Wednesday, June 22, 2011

Metaphors as Persuasion

I've already written about how metaphors are the fuel of the mind, and how we would be unable to think without them. This can make it quite difficult to displace a set of poor metaphors in our mind, since we must replace them almost instantly.

However, there are occasions when such a paradigm shift becomes feasible, when we are able to consciously identify and sort through our mental metaphors, determining which to preserve or permit and which we wish to discard. In some cases this may be an easy process, especially when the metaphors relate to a subject or idea to which we have not given much thought. If an idea arose without undergoing strict scrutiny at the beginning, and has not given rise to any other ideas, then it is so isolated that it might be easily uprooted and removed.

But when the life of the mind is active, such cases are vanishingly rare. In any other cases, the process of sorting and shifting paradigms can take considerable time and effort. It may even require emotional endurance, when opinions run high on an issue or when there is personal history involved. In any event, persuasion can be quite difficult, even when you are yourself both the agent and the object of such persuasion.

Yet in many cases we are not the primary agent of our own persuasion. Often we find ourselves receiving new metaphor-sets en masse from others.

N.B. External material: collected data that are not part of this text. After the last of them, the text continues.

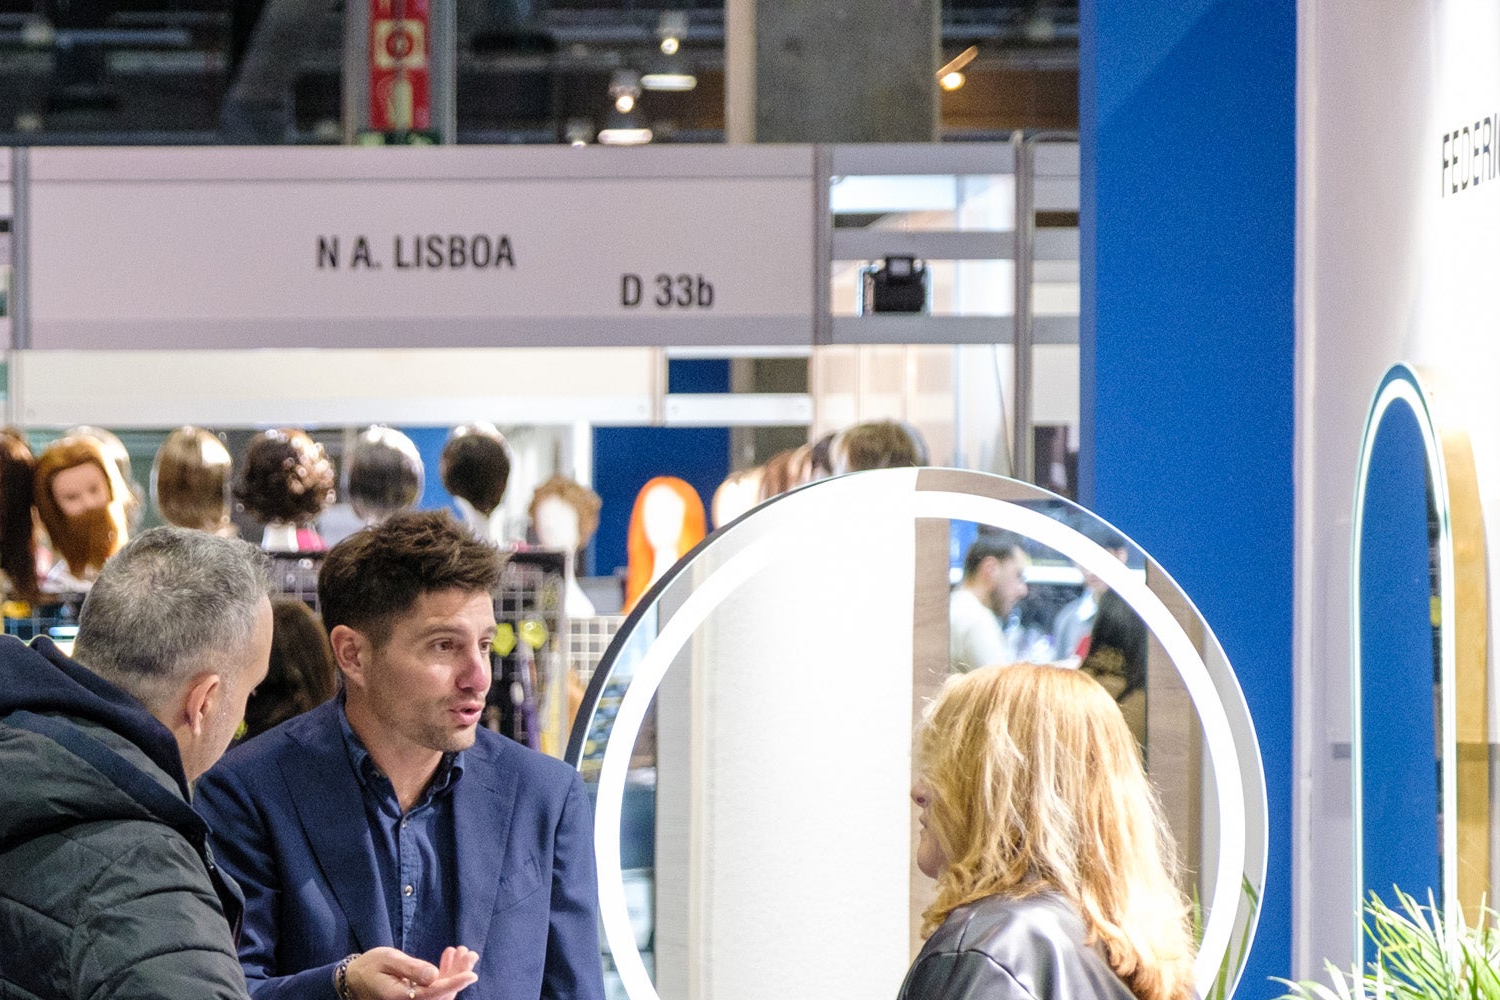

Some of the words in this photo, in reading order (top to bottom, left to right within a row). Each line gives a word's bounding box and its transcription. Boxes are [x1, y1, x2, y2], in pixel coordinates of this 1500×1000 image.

[1441, 113, 1500, 198] FEDERI
[317, 234, 338, 268] N
[396, 234, 515, 268] LISBOA
[621, 274, 642, 306] D
[655, 273, 714, 307] 33b

This is the power of fiction. By presenting a coherent world, or a narrative within that world, in which a different set of images and metaphors is tacitly accepted, fiction enables us to envision a world in which we might ourselves accept such images or metaphors. Alternately, by offering up such images and metaphors within the story itself, fiction may provide the fuel for our mental fires, and may serve as a catalyst for our rational imaginations.

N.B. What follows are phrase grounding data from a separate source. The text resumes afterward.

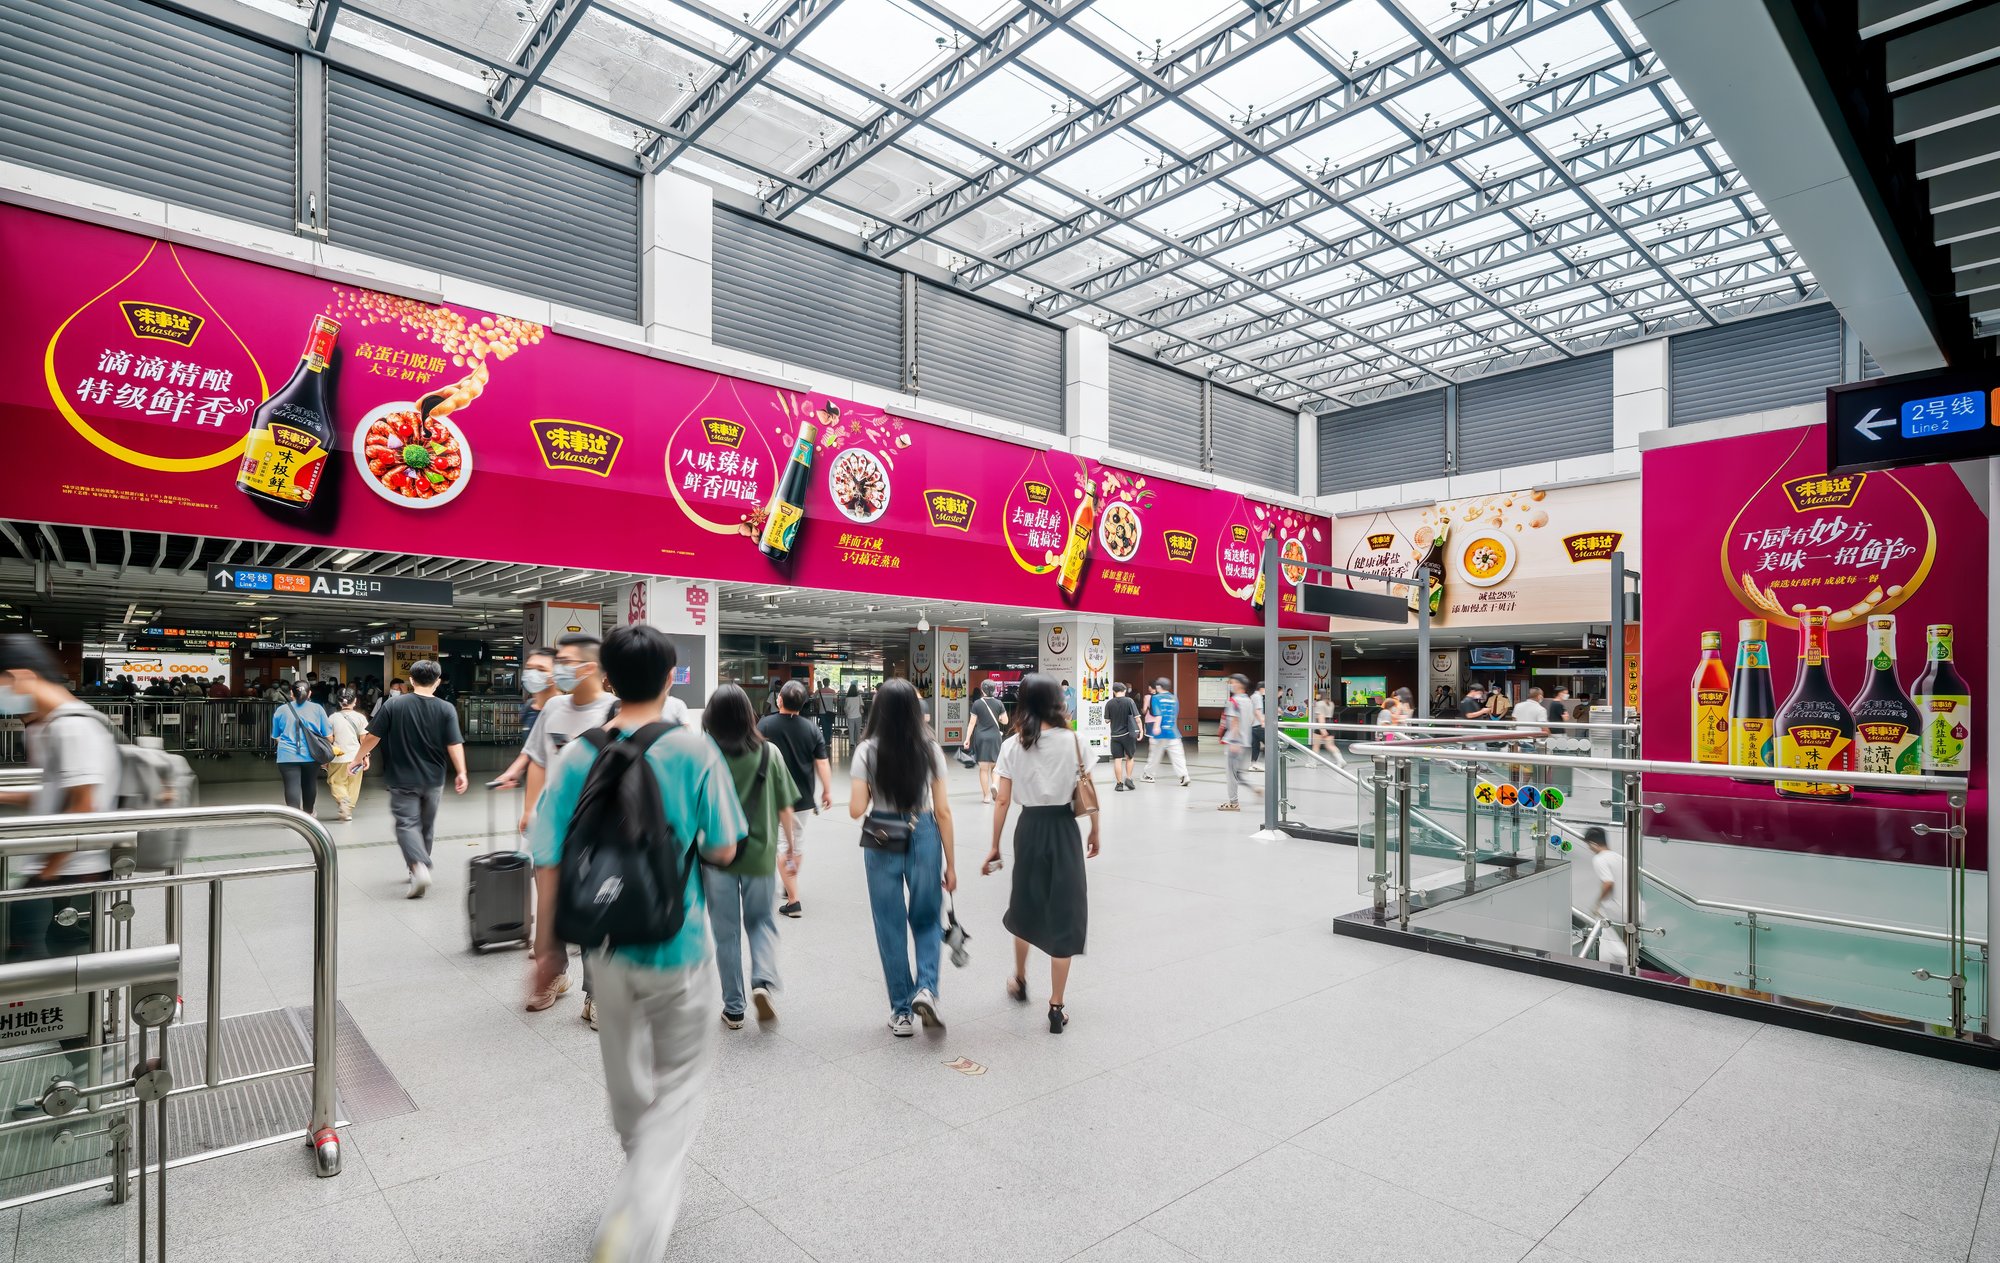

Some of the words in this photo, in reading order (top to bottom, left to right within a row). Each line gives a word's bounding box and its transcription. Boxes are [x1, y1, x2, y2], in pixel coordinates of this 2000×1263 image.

[133, 308, 193, 331] 味事达
[139, 325, 188, 339] Master
[355, 342, 447, 374] 高蛋白脱脂
[97, 348, 234, 393] 滴滴精酿
[367, 362, 431, 384] 大豆初榨
[76, 376, 238, 428] 特级鲜香
[1912, 396, 1975, 420] 2号线
[708, 422, 739, 437] 味事达
[1912, 423, 1938, 434] Line
[1942, 419, 1949, 430] 2
[546, 427, 609, 455] 味事达
[551, 450, 605, 465] Master
[676, 448, 760, 479] 八味臻材
[267, 450, 296, 493] 味极鲜
[682, 471, 759, 501] 鲜香四溢
[1795, 477, 1851, 497] 味事达
[932, 495, 969, 515] 味事达
[1800, 493, 1847, 505] Master
[1012, 506, 1061, 533] 去腥提鲜
[838, 532, 884, 551] 鲜而不咸
[1017, 529, 1062, 549] 一瓶搞定
[1169, 534, 1193, 550] 味事达
[1740, 515, 1873, 551] 下厨有妙方
[1571, 535, 1613, 551] 味事达
[841, 551, 901, 569] 3勺搞定蒸鱼
[1354, 552, 1401, 570] 健康减盐
[1574, 549, 1611, 558] Master
[1754, 537, 1908, 573] 美味一招鲜
[240, 573, 268, 583] 2号线
[1225, 563, 1256, 580] 慢火熬制
[279, 576, 306, 586] 3号线
[311, 576, 355, 596] A.B
[355, 580, 381, 592] 出口
[1770, 577, 1822, 588] 臻选好原料
[1824, 574, 1880, 585] 成就每一餐
[1193, 637, 1205, 647] A.B
[1797, 730, 1832, 740] 味事达
[1864, 726, 1901, 736] 味事达
[31, 1024, 63, 1035] Metro

This is also the power of rhetoric.

Why do we imagine that good rhetoricians and persuasive public speakers are so apt to use emotive or metaphoric language. Surely they would tire from it if it were merely decorative. Thus, the imagery they use is not meant to merely beautify their main argument. Rather, the imagery carries the argument within itself.

There are three essential elements of classical rhetoric: the ethos, or the credibility of the speaker; the logos, or the rational content of a speech; and the pathos, or the emotional content of the speech. Many classic texts on rhetoric tend to minimize the importance of pathos. They treat it as the ugly stepsister of the family, or (more accurately) as the gorgeous blonde sister who looks the part but has nothing going on upstairs. Pathos may beautify a speech or add emotional resonance to a message, but without logos, without true and substantial content for a message, rhetoric becomes an endeavor in futility.

This simple formulation ignores the vital role that pathos and emotions generally play in the persuasion process. Adding emotional resonance to a speech is good for more than grabbing and holding the attention of an audience. Emotional resonance is necessary to changes minds in the first place.

Good rhetoric doesn't merely feed a listener a stream of statements in propositional logic form. Good rhetoric must also feed the listener a stream of images.

We think in terms of images. If all we hear are propositional statements of logic, the only way we will be persuaded is if we construct the images for ourselves. But if we receive them along with the logical content, we are able to take a shortcut and find ourselves at home with the speaker's position much more easily.

The function of pathos, the emotional content of a speech, is not limited to mere decoration. Pathos is not inert; it is not moribund. The non-rational content provided by images is both the spoonful of sugar and the medicine itself. If persuasion is a specialty car, metaphors serve as both the custom paint job and the engine.

Metaphors are the essential vehicles of persuasion. The pun was regrettable, but the point is not. Metaphors are, quite simply, the means by which we are moved.